The Owens sisters are back—not in their previous guise as elderly aunties casting spells in Hoffman’s occult romance Practical Magic (1995), but as fledgling witches in the New York City captured in Patti Smith's memoir Just Kids.

In that magical, mystical milieu, Franny and Bridget are joined by a new character: their foxy younger brother, Vincent, whose “unearthly” charm sends grown women in search of love potions. Heading into the summer of 1960, the three Owens siblings are ever more conscious of their family's quirkiness—and not just the incidents of levitation and gift for reading each other's thoughts while traipsing home to their parents' funky Manhattan town house.
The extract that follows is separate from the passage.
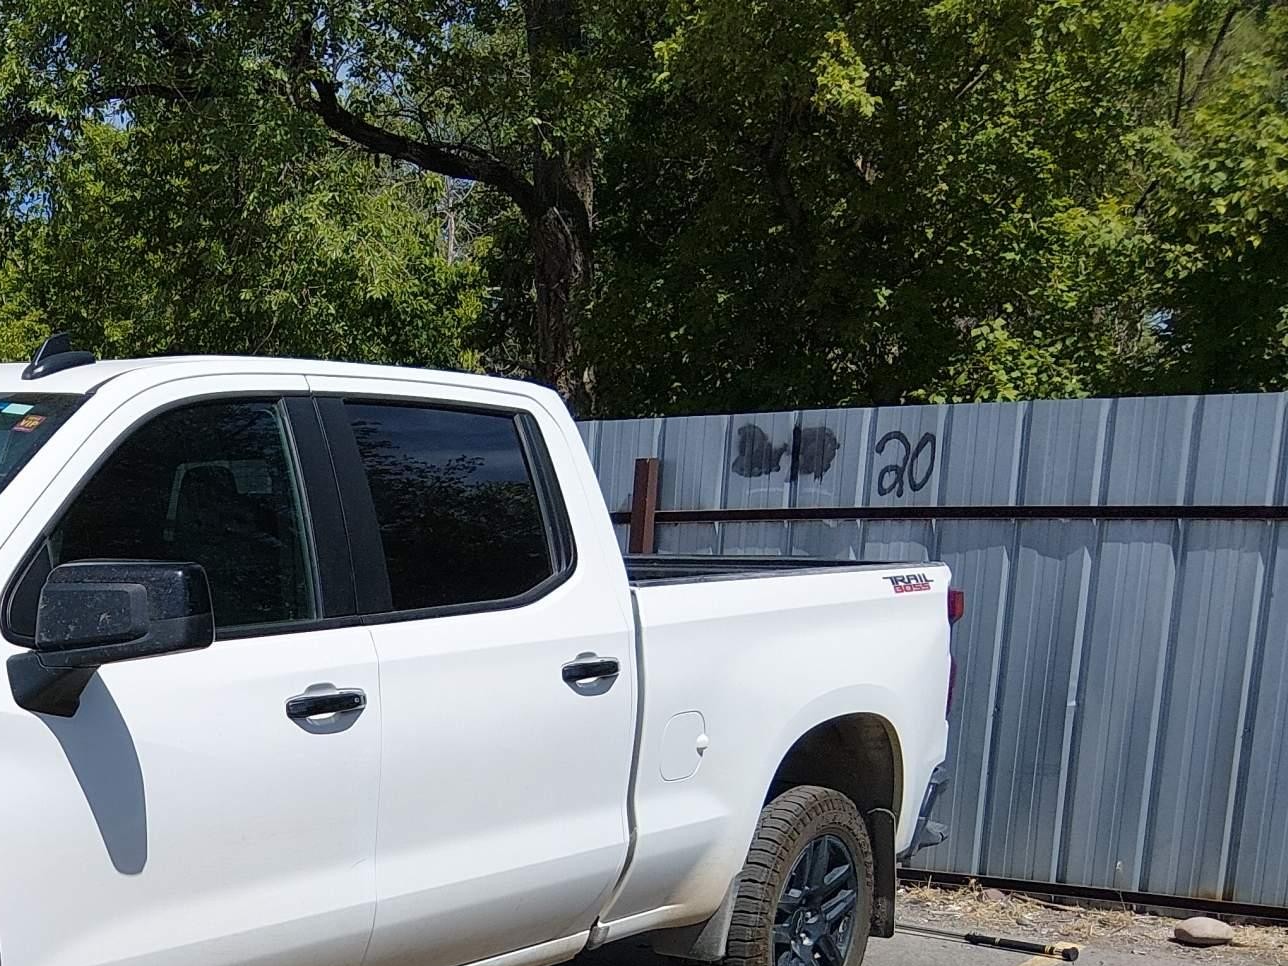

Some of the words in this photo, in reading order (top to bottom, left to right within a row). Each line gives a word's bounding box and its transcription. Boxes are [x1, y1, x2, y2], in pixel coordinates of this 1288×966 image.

The instant Franny turns 17, they are all shipped off to spend the summer with their mother's aunt in Massachusetts. Isabelle Owens might enlist them for esoteric projects like making black soap or picking herbs to cure a neighbor's jealousy, but she at least offers respite from their fretful mother's strict rules against going shoeless, bringing home stray birds, wandering into Greenwich Village, or falling in love. In short order, the siblings meet a know-it-all Boston cousin, April, who brings them up to speed on the curse set in motion by their Salem-witch ancestor, Maria Owens. It spells certain death for males who attempt to woo an Owens woman. Naturally this knowledge does not deter the current generation from circumventing the rule—Bridget most passionately, Franny most rationally, and Vincent most recklessly (believing his gender may protect him). In time, the sisters ignore their mother's plea and move to Greenwich Village, setting up an apothecary, while their rock-star brother, who glimpsed his future in Isabelle’s nifty three-way mirror, breaks hearts like there's no tomorrow. No one's more confident or entertaining than Hoffman at putting across characters willing to tempt fate for true love.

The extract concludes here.